Exciting news! I'm now part of the Minerva Crafts Blogger Network
. For my first project I wanted to do something
that was moving towards spring whilst still being winter appropriate. I settled
on the navy burn out cotton
so I could play with hiding bright colours
underneath it, muting them a bit, but spicing the dress up more than if I put
navy under the navy. I was hesitating about whether to put a burgundy or emerald
underneath, but emerald was definitely the right choice. It contrasts
really nicely with the navy, whereas I think the burgundy would have been too
dark and the contrast wouldn't have been so good.

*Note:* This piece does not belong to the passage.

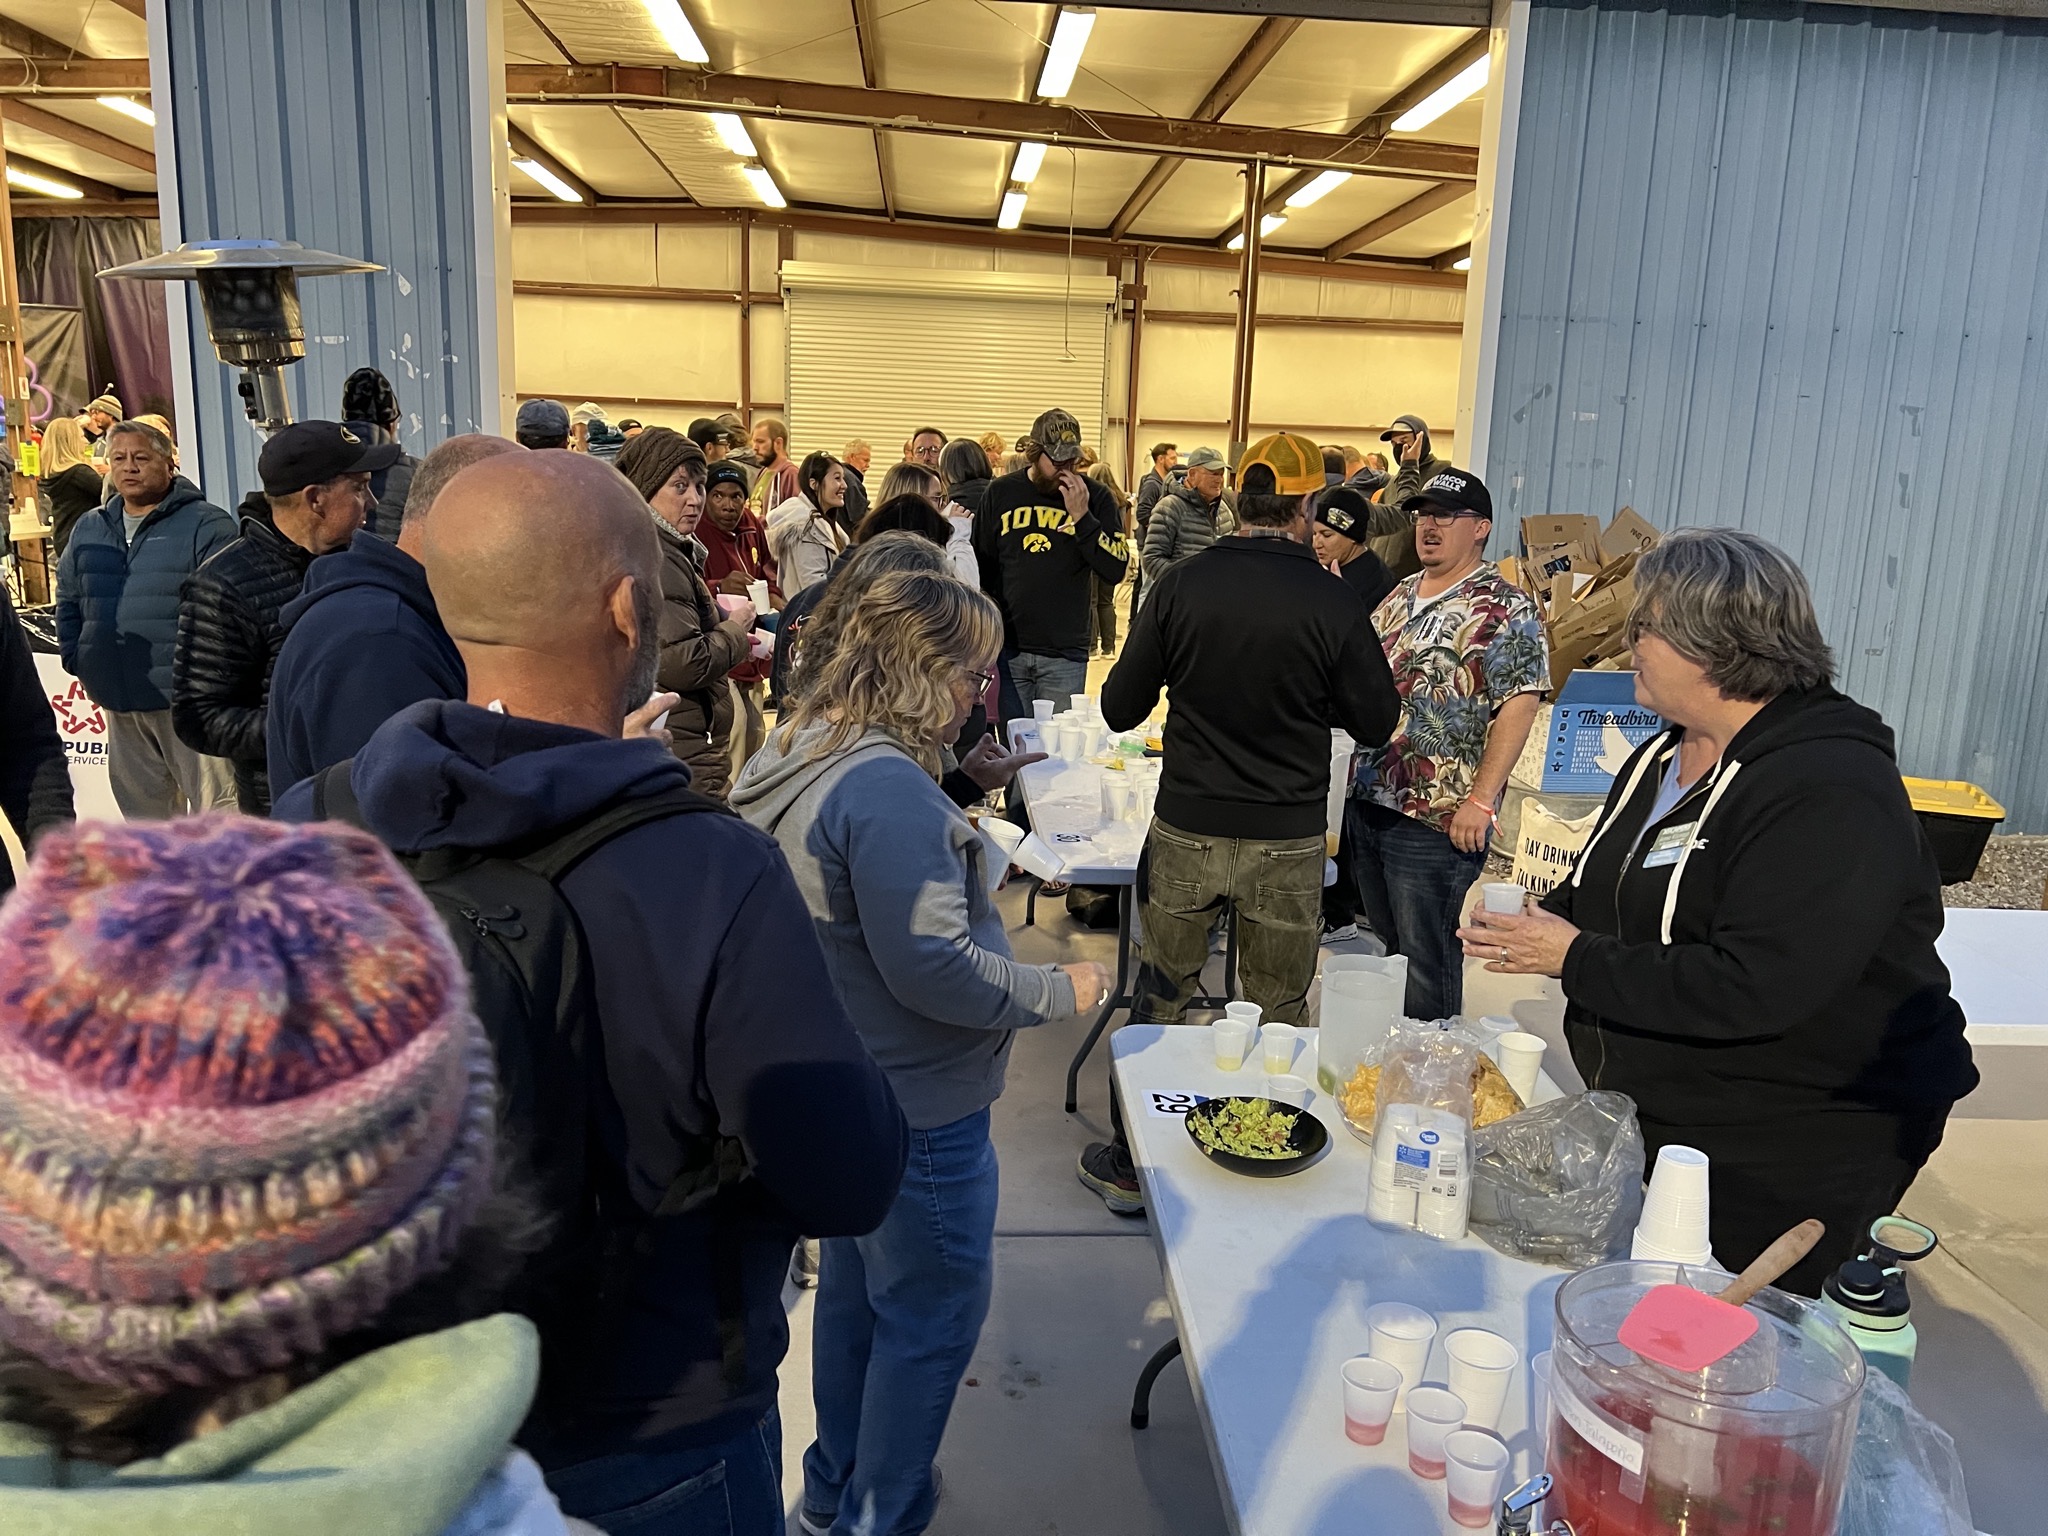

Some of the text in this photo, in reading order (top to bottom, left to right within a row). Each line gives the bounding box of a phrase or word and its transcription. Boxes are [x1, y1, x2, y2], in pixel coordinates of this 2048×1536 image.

[1578, 708, 1659, 727] Threadbird
[1525, 837, 1541, 858] DAY
[1152, 1093, 1193, 1114] 29

To make the most of the almost sheer parts of the fabric, I decided to draft a yoke for the upper bodice front and back from my bodice sloper. To do this I copied the front and back bodice onto pattern paper, and drew a horizontal line where I wanted my yoke to be. I wanted it to start at the start of the top of the side seam so I dress a line across from there on both the front and the back and cut along that line. I then added a seam allowance to the bottom of the yoke and the top of the new bodice piece. This was then repeated for the back bodice.
I cut the yokes just out of the burn out cotton and the bodice pieces and skirt pieces out of both fabrics. The skirt was a quarter circle skirt. It was supposed to be a half circle skirt but I only realised after I'd cut the pieces out that they were no where near full enough for a half circle skirt, so a quarter circle skirt it was! I actually quite like how it looks. The navy skirt pieces were cut 3 inches longer, so again highlight the floral pattern in the fabric. I used the emerald cotton poplin as an underlining, and tacked the bodice pieces to their respective underlinings to keep them from shifting. From then onwards, the two bodice fronts and two bodice backs were treated as 1 bodice front and 1 bodice back. Both fabrics were fairly easy to cut and didn't shift around a lot.

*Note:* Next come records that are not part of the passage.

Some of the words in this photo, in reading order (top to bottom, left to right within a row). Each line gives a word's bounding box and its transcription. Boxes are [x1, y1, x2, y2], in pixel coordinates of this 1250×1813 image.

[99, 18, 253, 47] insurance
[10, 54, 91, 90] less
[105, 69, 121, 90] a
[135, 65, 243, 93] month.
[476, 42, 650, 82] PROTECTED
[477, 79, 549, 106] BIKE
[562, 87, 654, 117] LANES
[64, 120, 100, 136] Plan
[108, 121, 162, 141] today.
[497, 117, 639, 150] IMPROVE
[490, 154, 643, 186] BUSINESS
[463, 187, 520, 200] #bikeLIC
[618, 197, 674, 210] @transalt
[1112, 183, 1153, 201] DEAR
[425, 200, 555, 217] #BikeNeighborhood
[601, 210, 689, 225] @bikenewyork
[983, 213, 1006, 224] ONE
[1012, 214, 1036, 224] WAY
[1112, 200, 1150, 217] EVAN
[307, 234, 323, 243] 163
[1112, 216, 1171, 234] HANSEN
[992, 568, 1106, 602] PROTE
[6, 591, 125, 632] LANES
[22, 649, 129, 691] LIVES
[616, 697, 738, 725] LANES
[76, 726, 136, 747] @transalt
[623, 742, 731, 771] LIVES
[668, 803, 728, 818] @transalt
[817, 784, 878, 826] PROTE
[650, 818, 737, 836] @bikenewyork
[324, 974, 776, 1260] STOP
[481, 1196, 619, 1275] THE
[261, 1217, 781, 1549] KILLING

The overskirt was attached to the emerald poplin by the waist seam only, so that each hem could hang freely. This meant that the zip was attached only to the bodice and the emerald underskirt. The poplin was really bright when it wasn't covered by the burn out cotton! The invisible zip attached well, with the nicely behaved cottons. Getting that waist seam level on each side of the zip is so satisfying!

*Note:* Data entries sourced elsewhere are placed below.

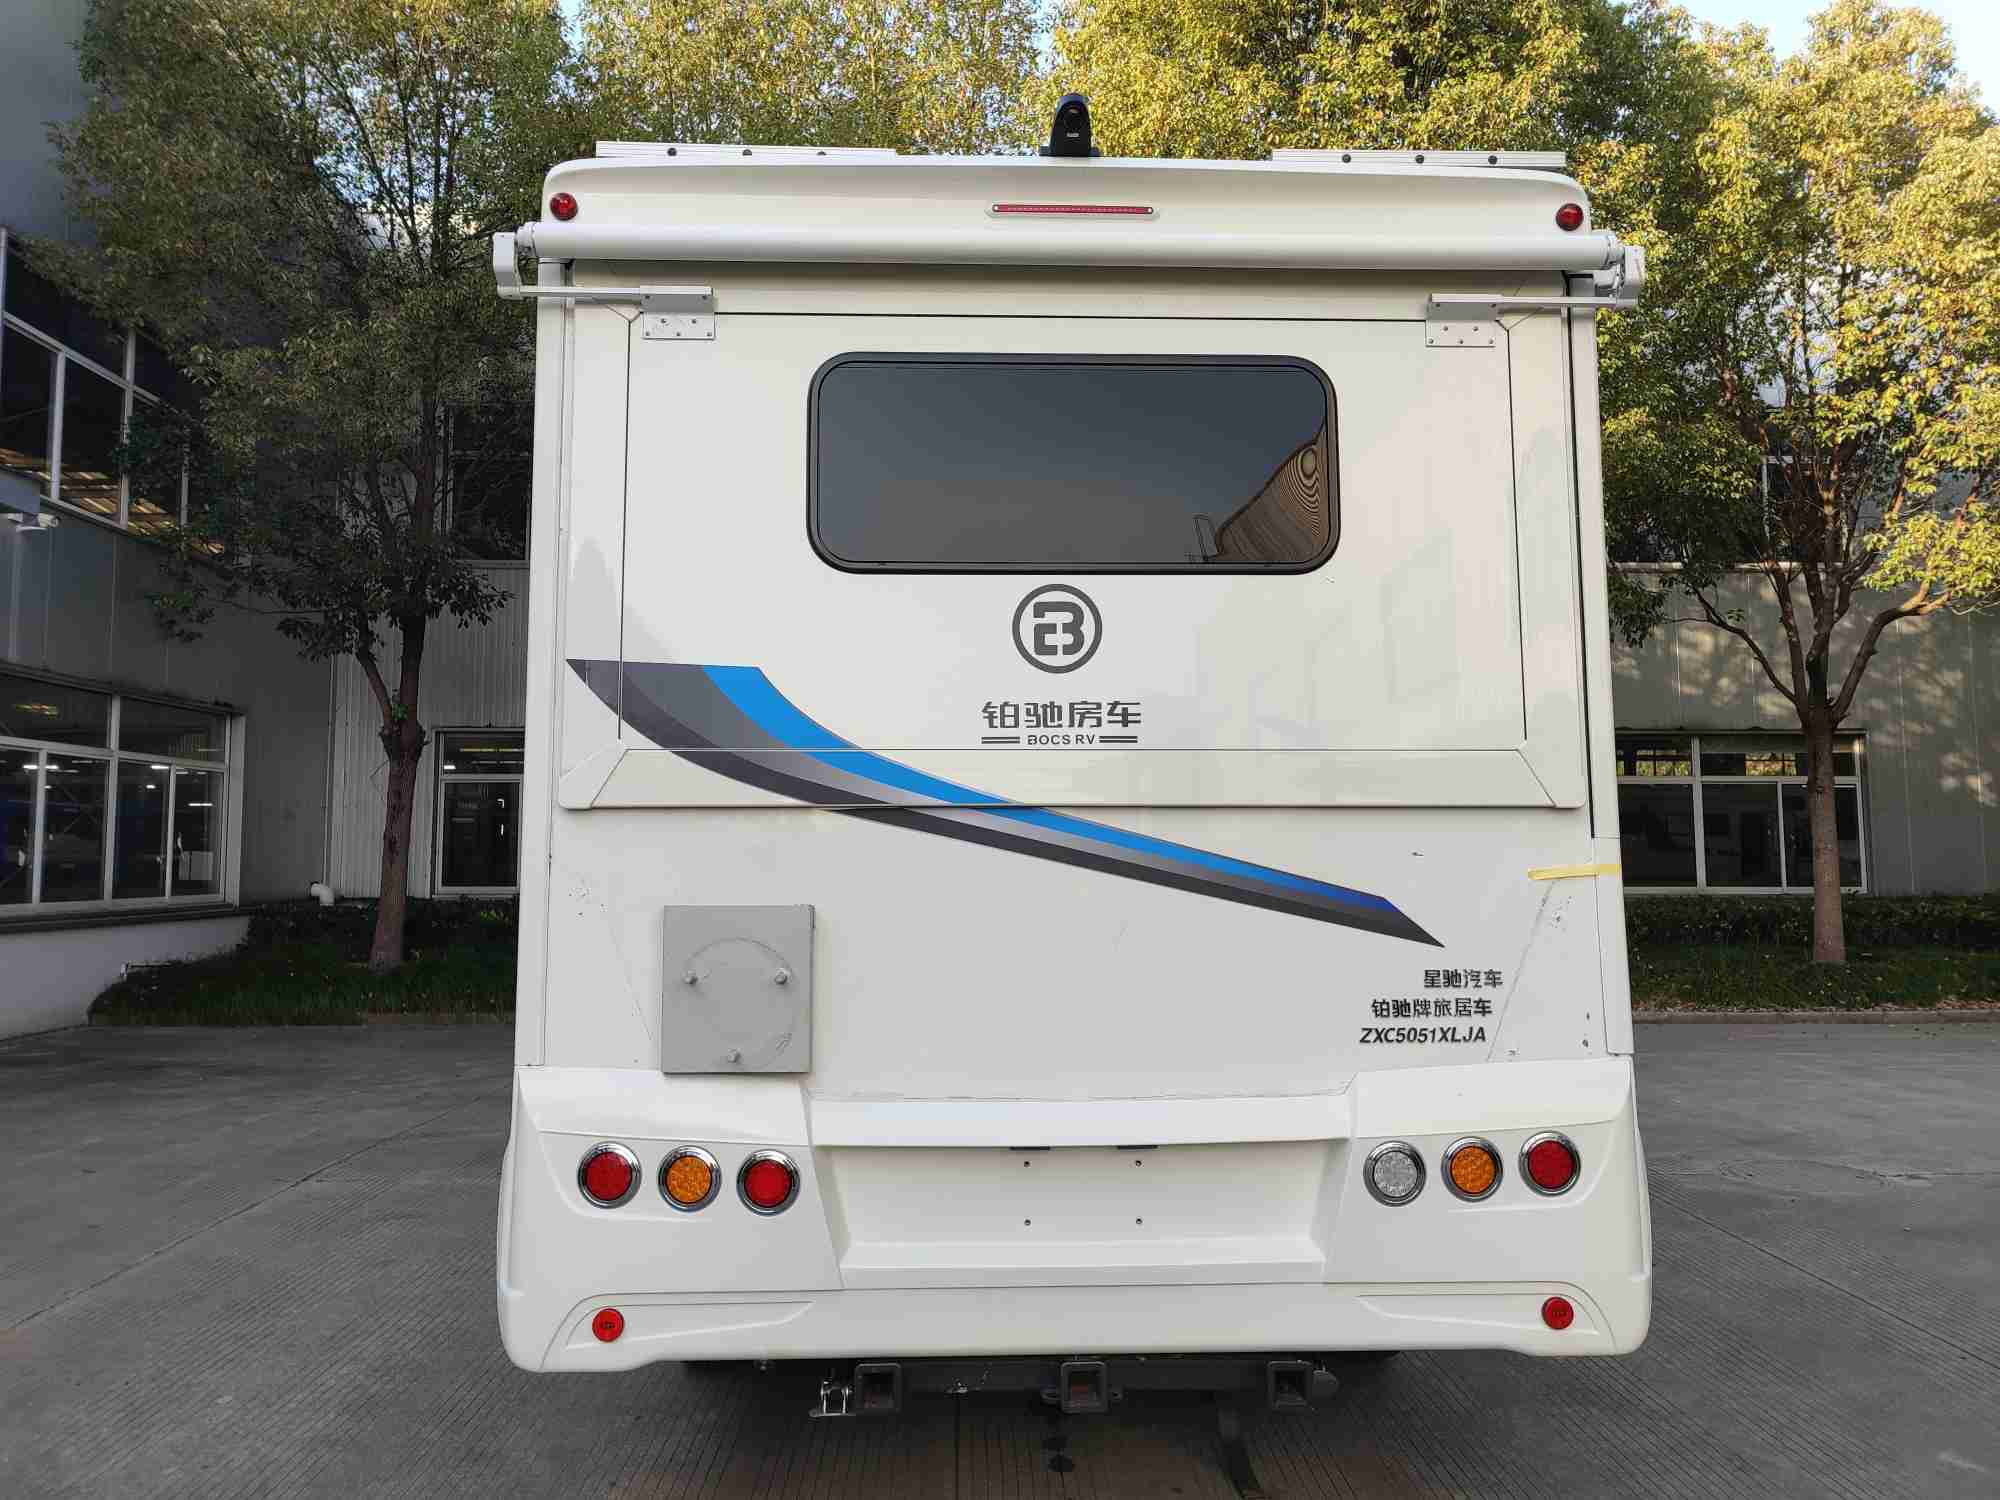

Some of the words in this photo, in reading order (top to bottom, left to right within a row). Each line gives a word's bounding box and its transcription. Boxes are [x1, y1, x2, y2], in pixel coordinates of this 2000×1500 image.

[981, 700, 1142, 729] 铂驰房车
[1027, 734, 1071, 745] BOCS
[1075, 734, 1096, 745] RV
[1423, 969, 1503, 988] 星驰汽车
[1371, 998, 1493, 1018] 铂驰牌旅居车
[1359, 1026, 1487, 1043] ZXC5051XLJA

I spent many a night wondering how I was going to finish my seams. I was very aware of the sheerness of parts of the fabric and wanted the neatest finish possible. The answer that I came up with was bias binding. I used masking tape to make out my strips, which is a great way of getting them all the same width. I repeated the same method to make bias binding from the emerald poplin. Now, I had a few difficulties with attaching said bias binding because i thought that I'd skip the ironing in half and half again stage. That was not a wise decision. Take note: bias binding is ironed in half and half again for a reason, and I made it really difficult for myself trying to attach it without doing that first! Thankfully a quick iron when it was all attached seemed to sort it out alright.
The neckline, armholes and hem were all finished with the self made bias binding. The underlining only needed bias binding for the hem. I didn't even think about pattern matching, but I really should have attempted it across the yoke. Never mind.
Looking at the back now, it's incredibly wrinkly so I'm going to have to make some adjustments to my bodice sloper. The skirt fits nicely though and the floral pattern on the back yoke looks fab!